Die Messe findet Jahr für Jahr in München statt, es geht dort nicht nur um Campen, sondern auch um Klettern oder Tauchen, doch in diesem Jahr haben die Wohnmobile mit drei Hallen so viel Platz wie noch nie zuvor und das illustriert ganz gut, wie es der Branche geht. Im vergangenen Jahr wurden in Deutschland mehr als 71 400 sogenannte Freizeitfahrzeuge neu zugelassen und alleine bei den Reisemobilen waren das 14 Prozent mehr als noch im Jahr zuvor. Der Umsatz der Branche hat sich seit der Wirtschaftskrise im Jahr 2009 mehr als verdoppelt. Herbert Früh sagt dazu nur: "Es gibt einen richtigen Boom. Die Leute wollen nicht mehr so weit weg - nach Tunesien, in die Türkei oder nach Ägypten."

Er arbeitet eigentlich an der Theke in einer Metzgerei, doch nebenbei berät er hin und wieder auch für einen Anbieter von Wohnmobilen. Wenn man ihn fragt, ob er selber campt, zieht er sein Handy aus der Tasche und zeigt ein Foto aus dem Jahr 1978. Damals war er noch Lehrling und fuhr mit ein paar Freunden nach Dollnstein im Altmühltal. Der Bauer mähte ihnen die Wiese um und seine Freunde und er schlugen ihre Zelte auf. So einfach war das. Später dann kaufte er sich ein eigenes Wohnmobil und fuhr immer wieder an die Adria, nach Lignano, Jesolo, Bibione. Das Mobil kostete 4500 Mark. "Das war ein Haufen Geld."

Damals gab es den Begriff des "Glamping" noch nicht, eine Mischung aus Glamour und Camping, die beschreiben soll, dass heute manche Menschen auch beim Zelten in der Natur nicht auf Luxus verzichten möchten. Man muss auf der Free nur ein paar Stände weiter gehen, um zu sehen, was das bedeutet. Die Wohnmobile kosten dann nicht mehr 21 000 Euro, sondern auch einmal 180 000 Euro, mit Flachbildschirm und Surround Anlage und mit Solarzellen auf dem Dach. Ein älteres Ehepaar schaut sich gerade nach einem neuen Modell um, mit ihrem Mobil sind sie immer mehrere Monate unterwegs. Im September geht es zum Beispiel nach Frankreich, erst ins Elsass und dann weiter in die Provence. Der Unternehmer in Rente sagt: "Die Kisten kosten so viel Geld, da muss man doch viel unterwegs sein." Einer der Verkäufer sagt: "Camping kann man heute nicht mehr vergleichen mit den Siebzigerjahren." Immer mehr Menschen seien bereit, viel Geld auszugeben: Zum einen wohlhabende Rentnerinnen und Rentner, zum anderen aber auch die jüngere Generation der Erben. Die Campingplätze stellen sich auf das neue Klientel ein, schaffen mehr Platz für die großen Busse, die schon einmal mehr als sieben Meter messen können - und darüber ärgern sich dann wiederum manche Kunden von Herbert Früh.

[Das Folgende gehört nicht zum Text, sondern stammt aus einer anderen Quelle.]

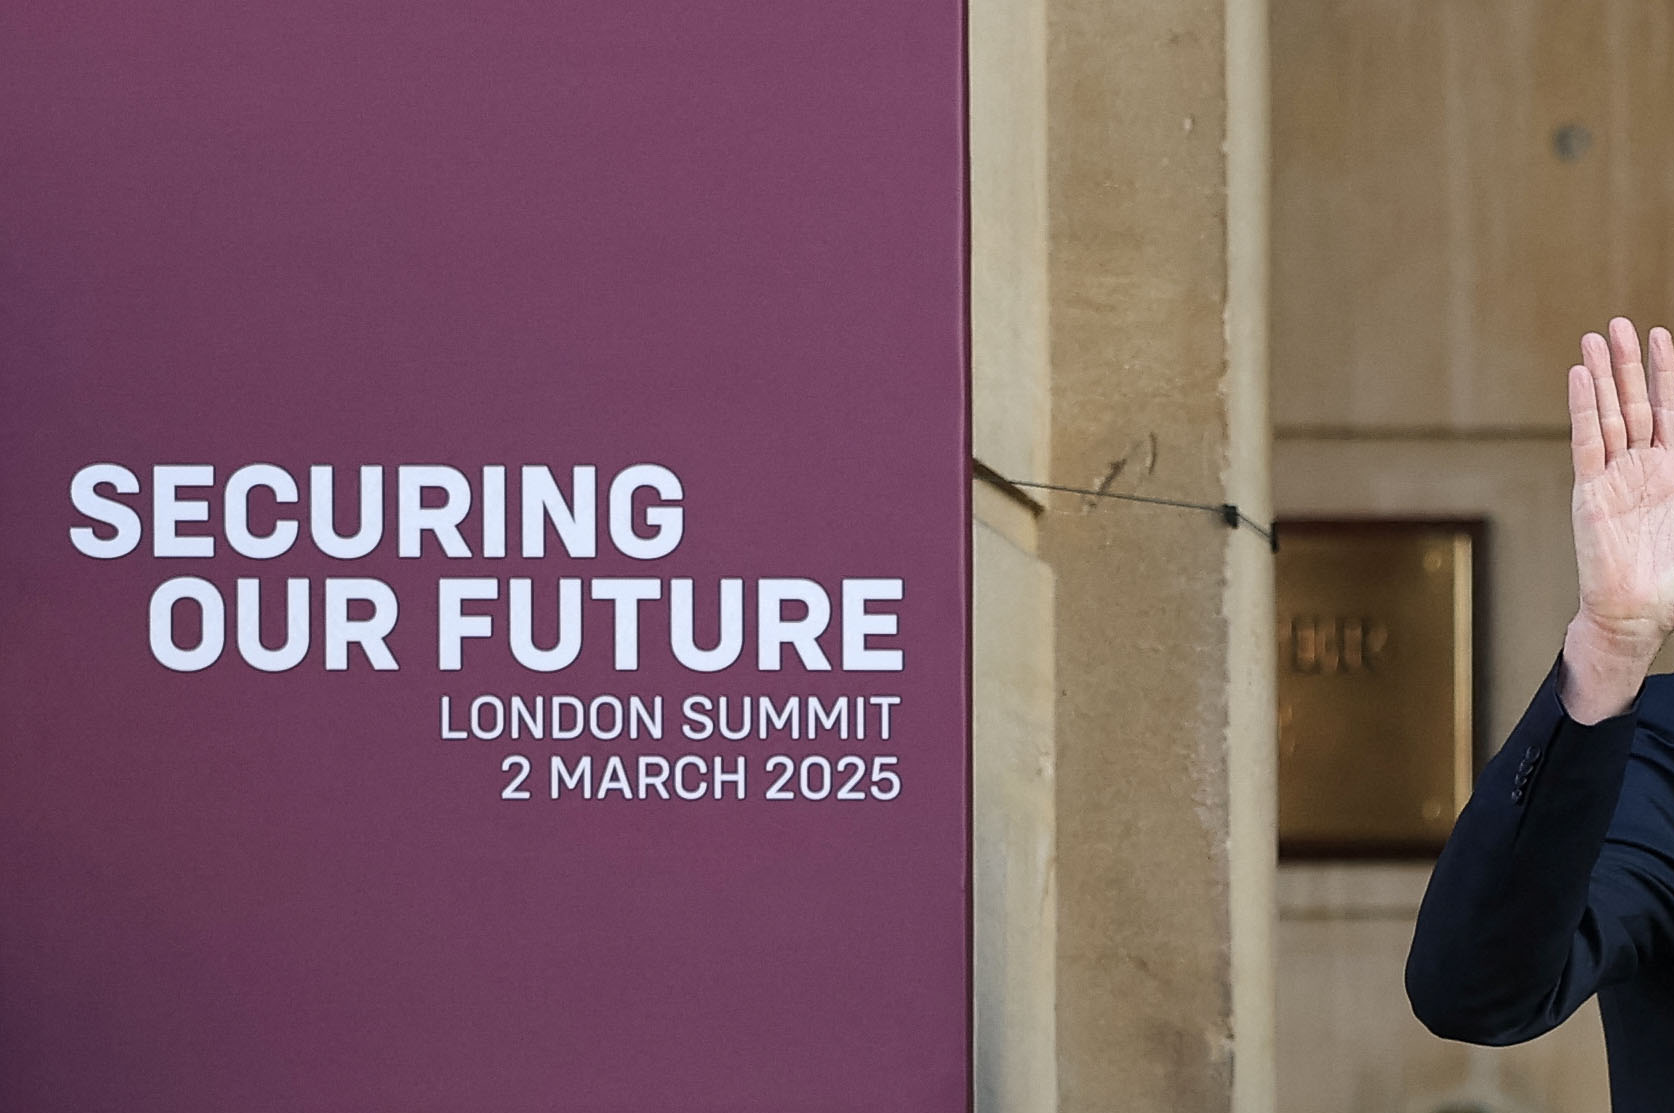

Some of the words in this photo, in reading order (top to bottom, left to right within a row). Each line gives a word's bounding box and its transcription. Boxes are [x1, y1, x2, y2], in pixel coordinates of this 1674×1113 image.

[69, 464, 684, 560] SECURING
[149, 576, 399, 672] OUR
[438, 577, 903, 672] FUTURE
[441, 695, 662, 740] LONDON
[682, 695, 901, 740] SUMMIT
[501, 755, 531, 801] 2
[550, 755, 745, 801] MARCH
[765, 755, 901, 801] 2025

Die Frau und der Mann zum Beispiel, die sich für das Modell für 21 000 Euro interessieren, sind eher genervt von dem gehobenen Publikum auf den Campingplätzen. Die Plätze kosteten mittlerweile oftmals so viel wie eine Ferienwohnung, im schlechtesten Fall sogar noch mehr. Sie sind beide 38 Jahre alt und haben zwei kleine Kinder, als Familie gebe es nun einmal keine bessere Form des Reisens. Das Gewohnte mitnehmen, aber trotzdem in der Fremde sein. Anhalten, wo man möchte. Frei sein - oder zumindest das Gefühl zu haben.

Herbert Früh bereitet die Unterlagen für das Paar vor, legt seine Mappe auf den Tisch. Im Gegensatz zu ihnen muss er sich nicht über zu volle Plätze ärgern. Er hat sein Wohnmobil vor ein paar Jahren verkauft und fliegt meist nur noch in den Urlaub. Nach Ägypten zum Beispiel.